Oltre alla già vista prescrizione che fissa la velocità del decollo VTO ad un livello superiore
del 20% rispetto alla velocità minima di sostentamento, è stata preoccupazione degli Enti
normativi tenere conto della possibilità che durante il decollo avvenga la piantata di uno dei
motori, facendo sì che tale evento, almeno sui plurimotori da trasporto, non risulti rischioso.

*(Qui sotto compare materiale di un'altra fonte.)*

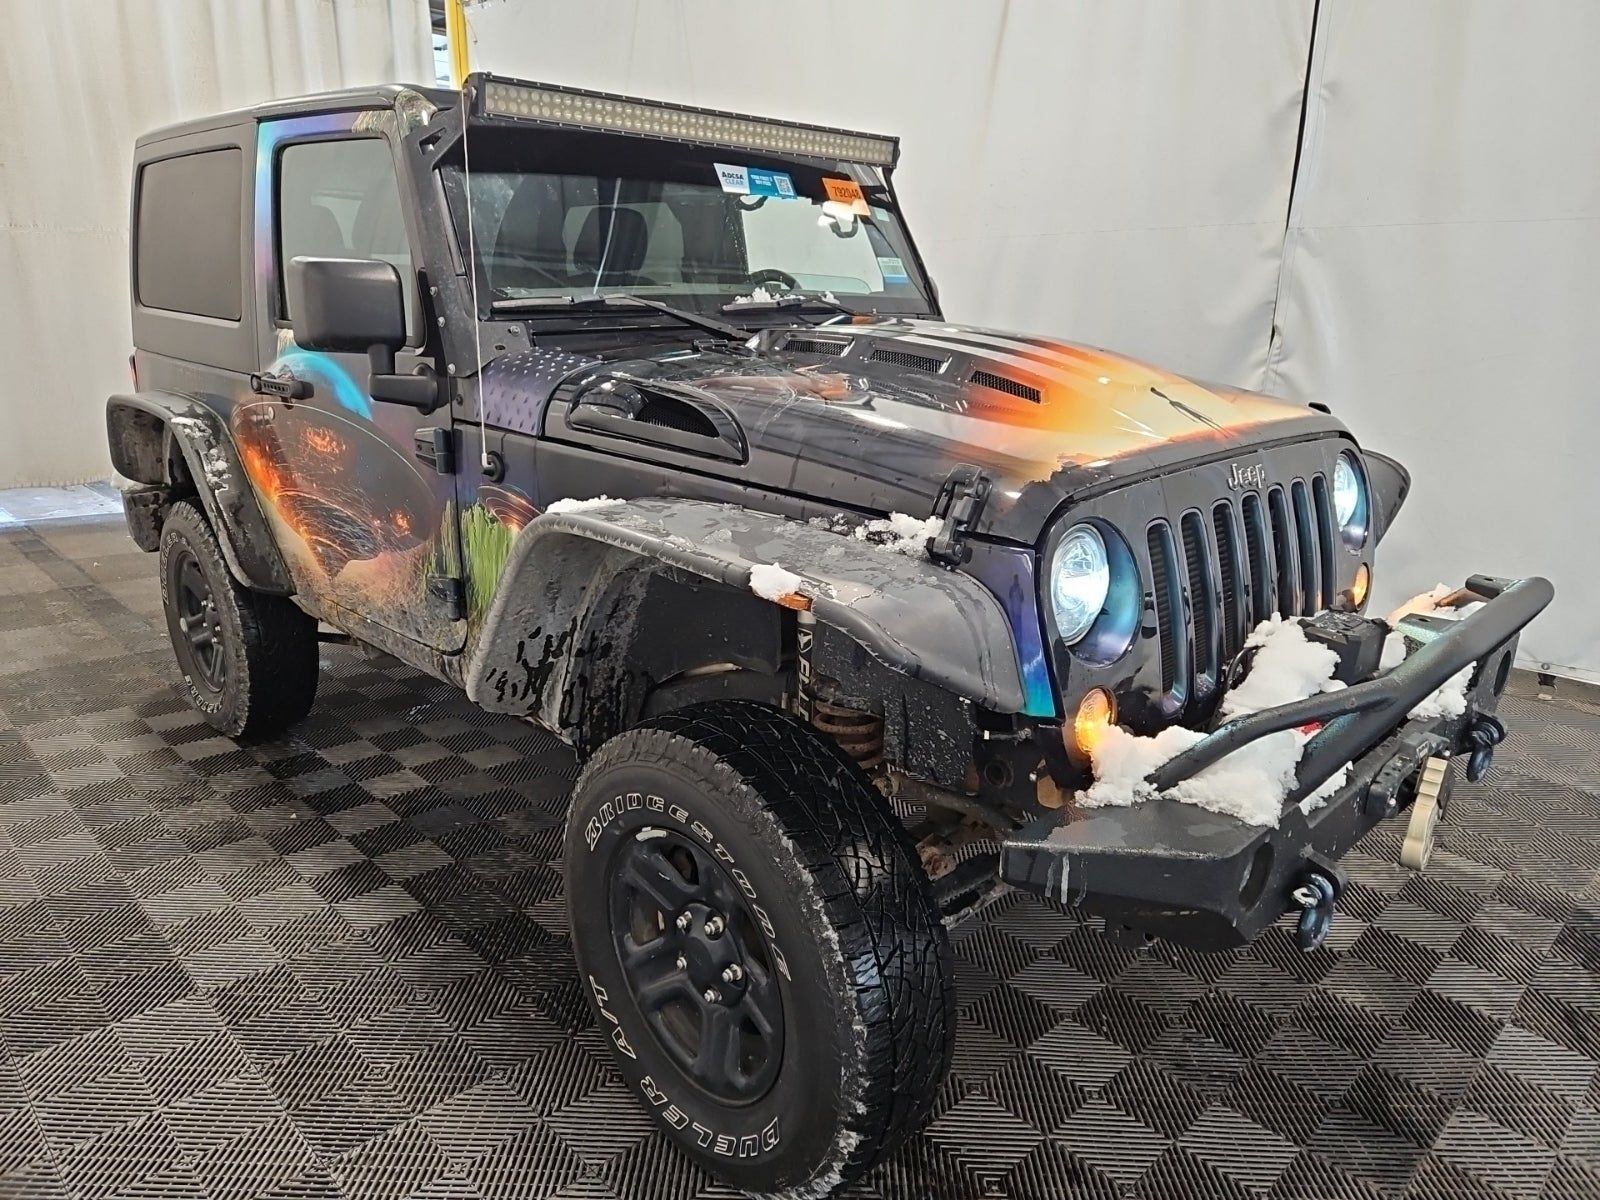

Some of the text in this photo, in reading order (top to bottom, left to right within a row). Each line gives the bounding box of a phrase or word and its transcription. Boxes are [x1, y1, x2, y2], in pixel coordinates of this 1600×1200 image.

[1227, 463, 1265, 490] Jeep
[585, 792, 793, 982] BRIDGESTONE
[589, 975, 780, 1158] DUELER A/T

Le prescrizioni di cui sopra si sono basate sulla cosiddetta “Distanza Bilanciata di Decollo”
(DBD o, in inglese, Field Balanced Lenght), caratteristica dei plurimotori e qui di seguito
definita.
Si consideri un plurimotore (con n motori) in decollo che, ad un certo punto del decollo, sia
soggetto al guasto di un motore (piantata di un motore) perdendo il contributo di spinta
relativo. Immaginando di assumere come variabile indipendente, chiamata xG, l’ascissa,
lungo la pista di decollo, in cui si verifica la piantata di un motore, si può tracciare la curva
xTO* = f(xG); è possibile quindi diagrammare, in funzione di xG, la lunghezza occorrente per
un decollo effettuato normalmente effettuato sino a xG e di lì in poi con un motore in meno.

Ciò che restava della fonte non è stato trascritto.